#### [TASK OBJECTIVE]
When the records are reproduced, each one must match exactly, and no picture may be kept.

#### [Stored data entries]
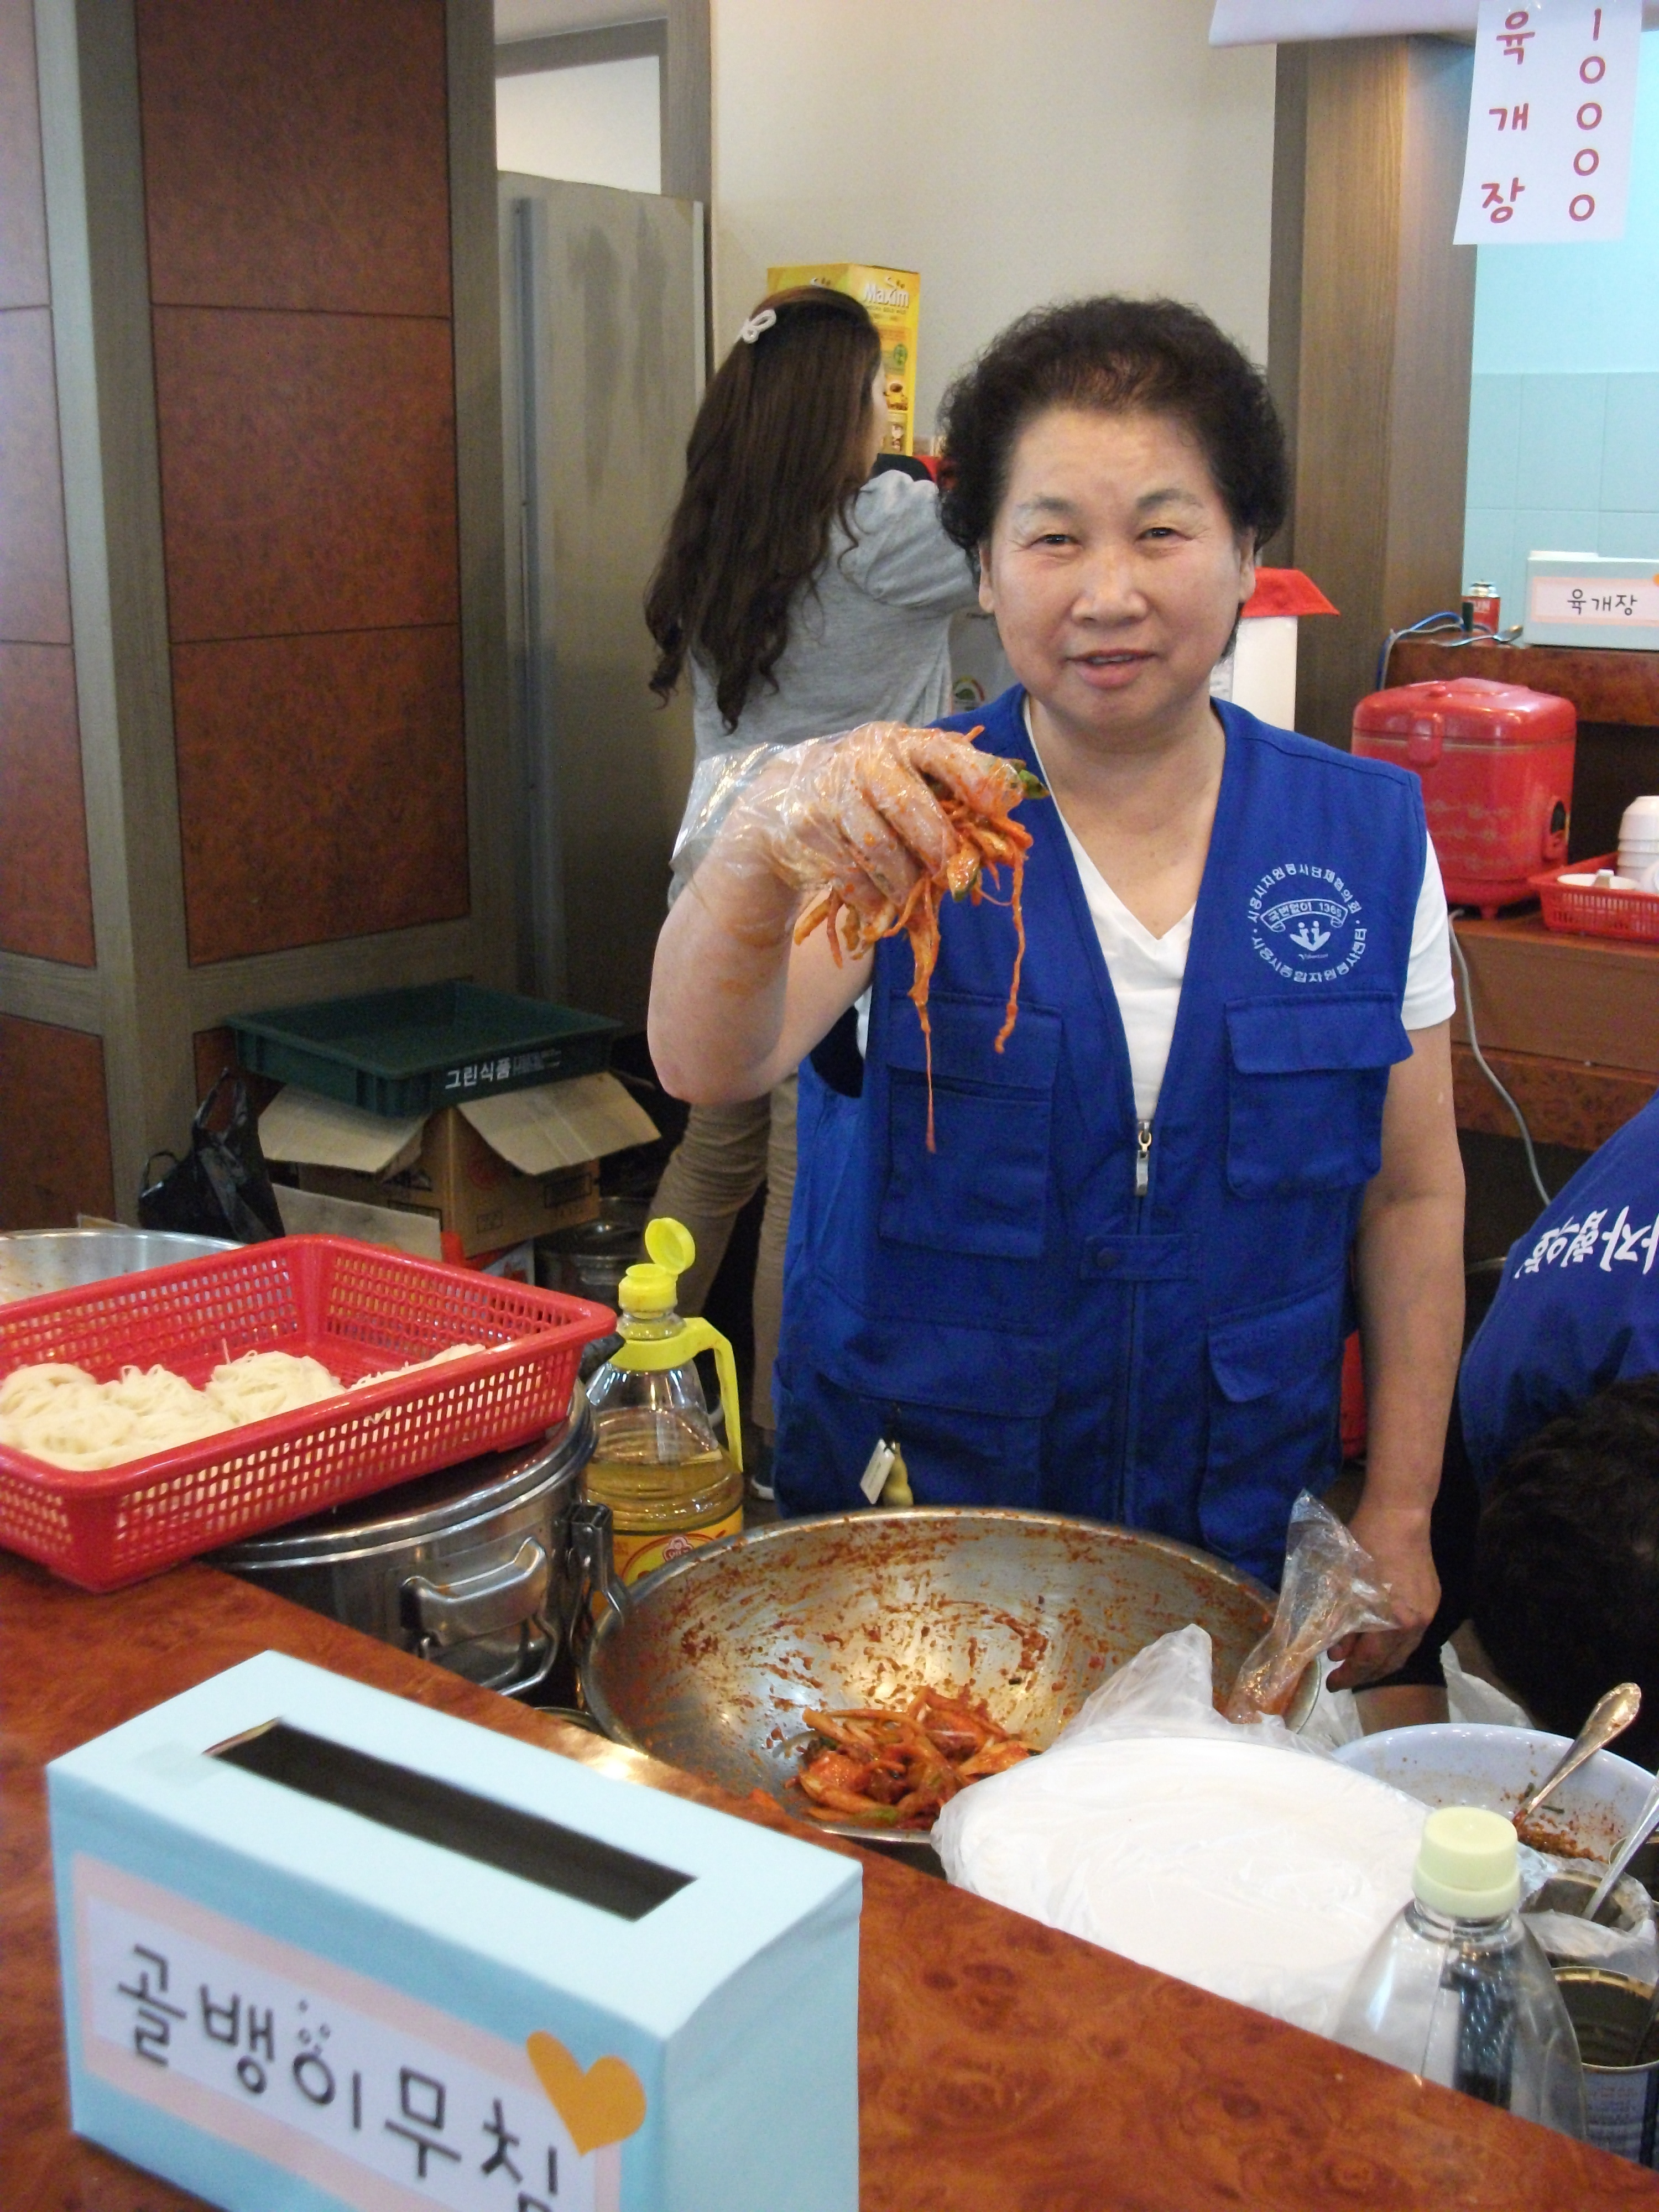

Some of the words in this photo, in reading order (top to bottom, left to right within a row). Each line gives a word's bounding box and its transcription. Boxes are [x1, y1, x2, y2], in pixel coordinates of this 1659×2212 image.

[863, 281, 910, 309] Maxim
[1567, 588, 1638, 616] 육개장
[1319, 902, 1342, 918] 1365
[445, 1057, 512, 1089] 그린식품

#### [SOLUTION TO THIS EXERCISE]
Some of the words in this photo, in reading order (top to bottom, left to right within a row). Each line gives a word's bounding box and its transcription. Boxes are [x1, y1, x2, y2], in pixel coordinates of this 1659×2212 image.

[863, 281, 910, 309] Maxim
[1567, 588, 1638, 616] 육개장
[1319, 902, 1342, 918] 1365
[445, 1057, 512, 1089] 그린식품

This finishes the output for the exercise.